Monday, August 19, 2013


Throughout his long career Woody Allen has had many hits and misses. Some of them are even bad enough that they would have derailed another director's career. Thankfully, he's given us enough brilliant films to make up for his inevitable missteps. One such film is 1979's "Manhattan".

As the title suggests, the film is set in Manhattan and it's easy to see why the film was thus named. A true New Yorker, Woody Allen shows his affection for the city from the second the film opens. Using gorgeous black and white photography, the picturesque shots are like postcards, showcasing Manhattan in its best light. These shots are enough to set the romantic tone, as the camera itself seems to be in love with the locations. Some filmmakers would be content to rely on this visual appeal to convey much of the film's narrative (think David Lean's "Summertime"), but Woody Allen goes one step further. He crafts a charming story within this setting, making this the revered classic that it is.

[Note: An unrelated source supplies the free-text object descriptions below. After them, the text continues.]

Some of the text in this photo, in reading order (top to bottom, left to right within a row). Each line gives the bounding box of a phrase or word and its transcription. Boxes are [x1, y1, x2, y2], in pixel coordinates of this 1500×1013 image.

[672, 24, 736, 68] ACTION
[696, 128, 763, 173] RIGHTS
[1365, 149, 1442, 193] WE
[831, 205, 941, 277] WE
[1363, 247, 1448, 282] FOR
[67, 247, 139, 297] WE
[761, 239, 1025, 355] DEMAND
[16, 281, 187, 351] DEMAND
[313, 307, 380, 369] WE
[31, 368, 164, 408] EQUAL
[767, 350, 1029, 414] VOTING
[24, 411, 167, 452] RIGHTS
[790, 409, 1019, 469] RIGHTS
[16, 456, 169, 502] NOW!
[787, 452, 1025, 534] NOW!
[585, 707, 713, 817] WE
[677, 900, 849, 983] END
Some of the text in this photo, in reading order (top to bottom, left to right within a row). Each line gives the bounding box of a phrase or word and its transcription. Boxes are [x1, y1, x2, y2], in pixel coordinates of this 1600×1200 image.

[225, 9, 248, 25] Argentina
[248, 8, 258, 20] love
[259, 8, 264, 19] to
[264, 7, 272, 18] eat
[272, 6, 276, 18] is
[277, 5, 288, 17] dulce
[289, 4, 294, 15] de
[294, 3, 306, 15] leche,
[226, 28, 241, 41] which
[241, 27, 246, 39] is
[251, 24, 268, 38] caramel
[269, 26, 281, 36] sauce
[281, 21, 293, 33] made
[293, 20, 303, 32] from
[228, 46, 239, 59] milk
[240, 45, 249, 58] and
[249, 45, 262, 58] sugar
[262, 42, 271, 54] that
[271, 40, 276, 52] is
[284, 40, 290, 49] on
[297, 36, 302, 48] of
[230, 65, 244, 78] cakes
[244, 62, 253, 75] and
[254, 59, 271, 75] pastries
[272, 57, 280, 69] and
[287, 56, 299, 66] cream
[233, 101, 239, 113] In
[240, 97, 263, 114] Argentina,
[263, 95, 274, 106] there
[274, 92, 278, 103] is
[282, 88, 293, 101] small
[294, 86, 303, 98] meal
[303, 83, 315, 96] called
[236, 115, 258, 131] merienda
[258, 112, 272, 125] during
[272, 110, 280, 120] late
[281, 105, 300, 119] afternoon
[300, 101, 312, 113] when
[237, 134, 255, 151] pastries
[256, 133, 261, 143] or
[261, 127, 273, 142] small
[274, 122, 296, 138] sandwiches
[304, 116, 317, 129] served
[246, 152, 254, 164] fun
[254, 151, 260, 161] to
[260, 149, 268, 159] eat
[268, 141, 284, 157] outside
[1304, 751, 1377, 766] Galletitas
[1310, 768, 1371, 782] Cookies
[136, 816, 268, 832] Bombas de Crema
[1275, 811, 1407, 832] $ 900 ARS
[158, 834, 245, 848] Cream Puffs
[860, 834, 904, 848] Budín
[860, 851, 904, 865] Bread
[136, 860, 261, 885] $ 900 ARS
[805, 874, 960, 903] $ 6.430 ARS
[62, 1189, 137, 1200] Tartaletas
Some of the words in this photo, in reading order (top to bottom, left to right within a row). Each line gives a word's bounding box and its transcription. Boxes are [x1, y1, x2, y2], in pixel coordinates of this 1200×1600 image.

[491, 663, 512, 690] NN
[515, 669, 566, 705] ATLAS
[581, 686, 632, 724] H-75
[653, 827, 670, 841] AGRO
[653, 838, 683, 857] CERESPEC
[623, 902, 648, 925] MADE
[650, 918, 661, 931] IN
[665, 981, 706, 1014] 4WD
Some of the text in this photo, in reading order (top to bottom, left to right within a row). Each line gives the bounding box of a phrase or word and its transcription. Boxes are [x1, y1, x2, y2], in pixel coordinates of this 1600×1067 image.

The plot has comedy, romance and a hit of drama. Allen flexes his considerable acting chops in the lead role as Isaac, a middle-aged man looking for love. He's in a relationship with the strikingly teen-aged Tracy (played by Mariel Hemingway), but becomes interested in the fascinating and more age-appropriate Mary (played by Diane Keaton). To further complicate matters, Mary is the mistress of his best friend. I'm sure you can imagine the comedic, romantic and dramatic situations that would therefore arise.

As Isaac tries to figure out his romantic conundrum, Allen employs his brilliant wit to create some fantastic dialogue. Describing it as brilliant wit is so apt here, as the conversations between the characters are brilliant in their highbrow/intellectual appeal, but miraculously accessible and funny. Even if you aren't familiar with the works of Bergman or F. Scott Fitzgerald, you can understand Isaac's outrage at Mary's dismissal of their worth. All you need is the expressions of the actors (notably Woody Allen himself, with his amusing neurosis) and you'll easily understand the humour. Woody is certainly the master of this brand of comedy, as he never feels the need to dumb it down for his audience. Yet still, he captures the interest of the populace. Not many writers or directors can do this, taking the often languid machinations of a film like "Manhattan" and producing something so thoroughly engaging. It's a sign of this man's genius.

Like many of his best films, "Manhattan" success also has a lot to do with the overall collaborative effort. It's evident here that the entire team (actors, writer-director, composer, cinematographer) has a unified grasp of the material and its intent. It's no wonder that this film works so well. You can really feel the love for this project. From my own perspective a Manhattan lover, it warmed my heart to see this beautiful cinematic ode to a truly remarkable place. Paris, eat your heart out!

This film is part of my List of Shame.